Bir sağlam balen daha alıp bu kez şeffaf parşömenin sağ kenarına
saplayarak iki tabakayı sabitledi.
Arkadan, beş altı balen daha kullanarak biri şeffaf diğeri gazal
derisinden olan iki parşömen tabakasının hiç oynamayacak şekilde birbirlerine
bağlanmalarını sağladı. Tezgahın solundaki
harita, Piri Reis’in Akdeniz’deki seferlerinden birinde amcası ile ele
geçirdikleri ticari bir İspanyol gemisinde bulduğu eski bir harita idi. İspanyol kaptan, Ahmet Kaptan’ın yağmada
insaflı davranması karşılığında bu haritayı Türk kaptanlara vermişti. Piri Reis’in, dünya haritasını tamamlamak
için kullandığı yirmi adet, daha dar kapsamlı haritalardan biri olan bu
haritanın köşesinde müellifinin imzası, Latin harfleri ile ‘Xpo-Ferens’ olarak
okunuyordu. Bu, Kristof Kolomb’un imzası idi.
Böylelikle, Kolomb’un haritasındaki Afrika’nın batı kıyısı ile ilgili
ayrıntılar, Piri Reis’in derlediği, gazal derisinden parşömen üzerine çizdiği
dünya haritasının üzerine aktarılarak gereken yere oturmuş oldu. Reis, daha sonraki günlerde, sivri balenleri
ile şeffaf parşömen üzerindeki çizimi, çizimi oluşturan çizgiler boyunca
bitişik noktalardan delerek alttaki gazal derisi parşömeni işaretliyecek, bu işlem
de bittikten sonra binlerce balen deliğinden oluşan alttaki harita taslağını
mürekkepliyerek nihai haritasını elde edecekti.
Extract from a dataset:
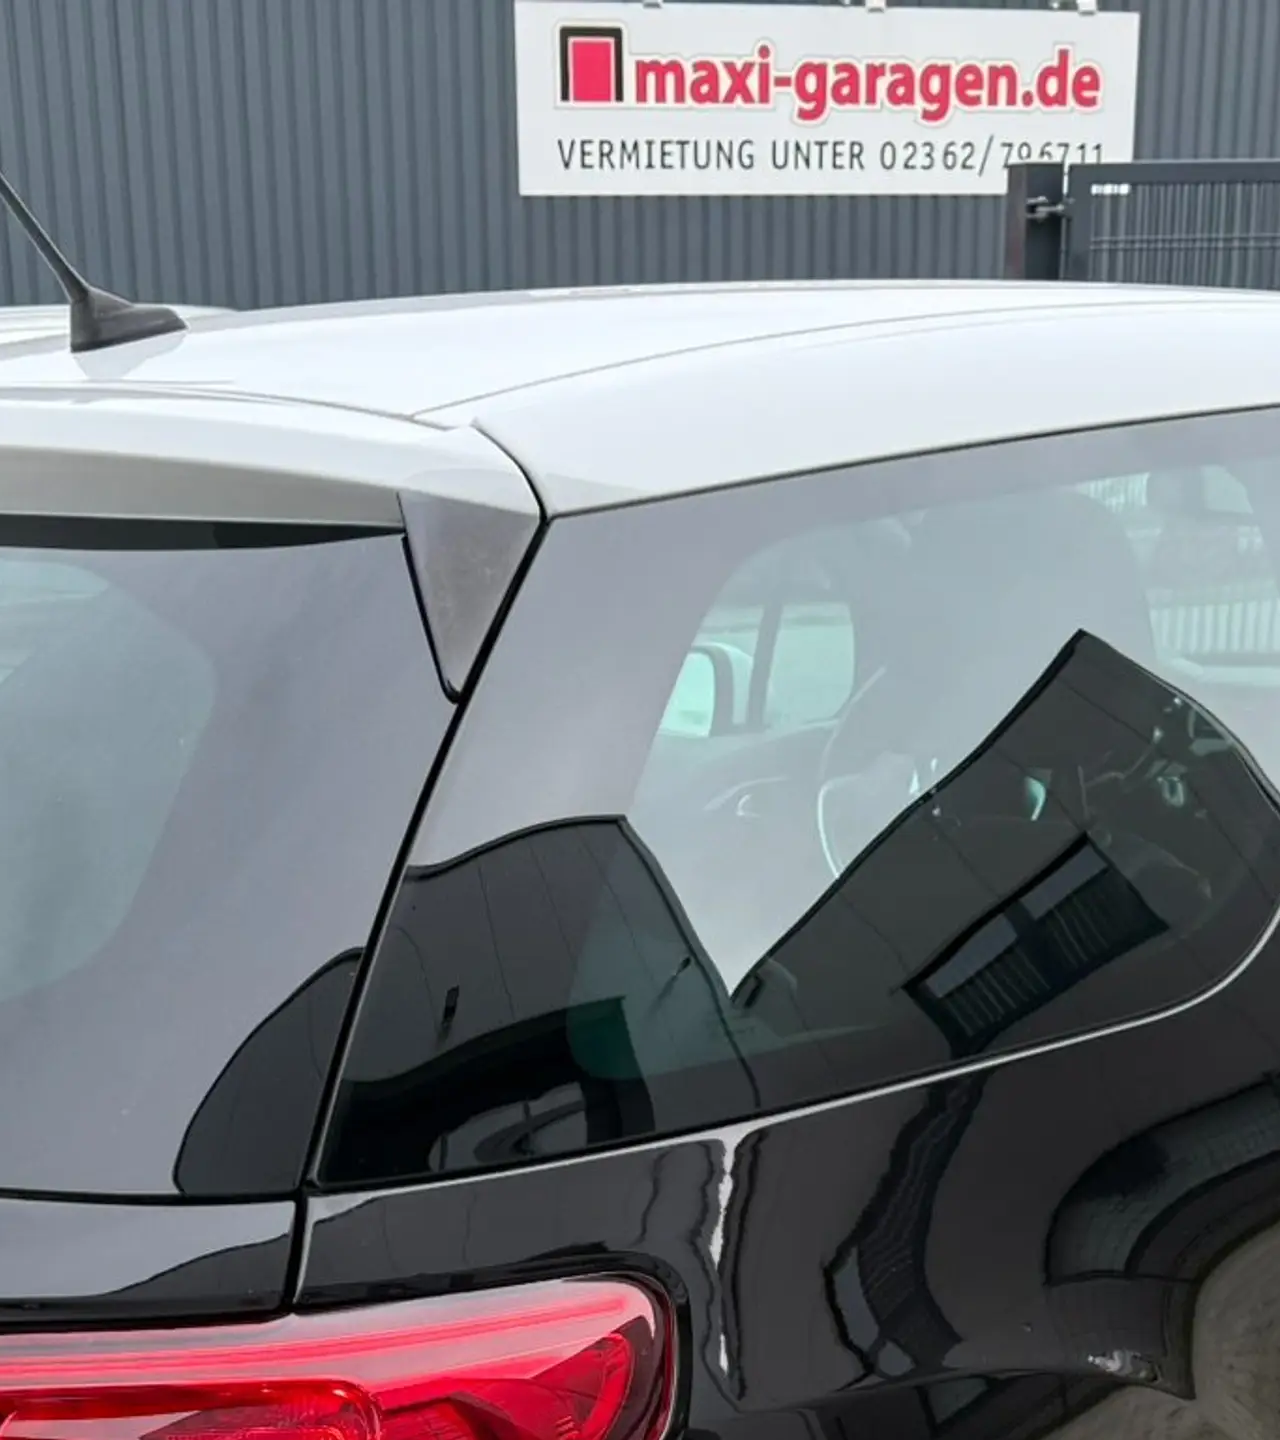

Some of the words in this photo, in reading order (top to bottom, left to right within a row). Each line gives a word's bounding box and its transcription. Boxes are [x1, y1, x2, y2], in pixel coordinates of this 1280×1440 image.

[634, 45, 1102, 123] maxi-garagen.de
[557, 138, 755, 172] VERMIETUNG
[771, 140, 866, 171] UNTER
Piri Reis bu yöntemle çalışmaya devam ederek Hicri 919 yılının Muharrem
ayında (1513) dünya haritasını bitirdi. 1517’de de Sultan I. Selim’e
sundu. Bu büyük denizci ve dünya çapında
başarılı kartograf, seksen yaşını devirdikten sonra Basra Körfezi’ndeki Hürmüz
kentinin kuşatılmasında düştüğü bir hata nedeni ile Kanuni Sultan Süleyman’ın
hışmına uğradı ve bir mahkeme önünde kendisini savunma hakkı bile tanınmadan
boynu vurularak yaşamına son verildi.
Osmanlı İmparatorluğu’nun göğsümüzü gururla kabartan sayısız şanlı
hikayesinin yanında, bu hadise de hatırladıkça başımızı utançla eğmemize neden
olan olaylardan biri olarak tarihimize kaydoldu.
Cihan Koru
(Bu öyküm Gelibolu Rüzgarı dergisinin Haziran 2016 sayısında yayınlandı.)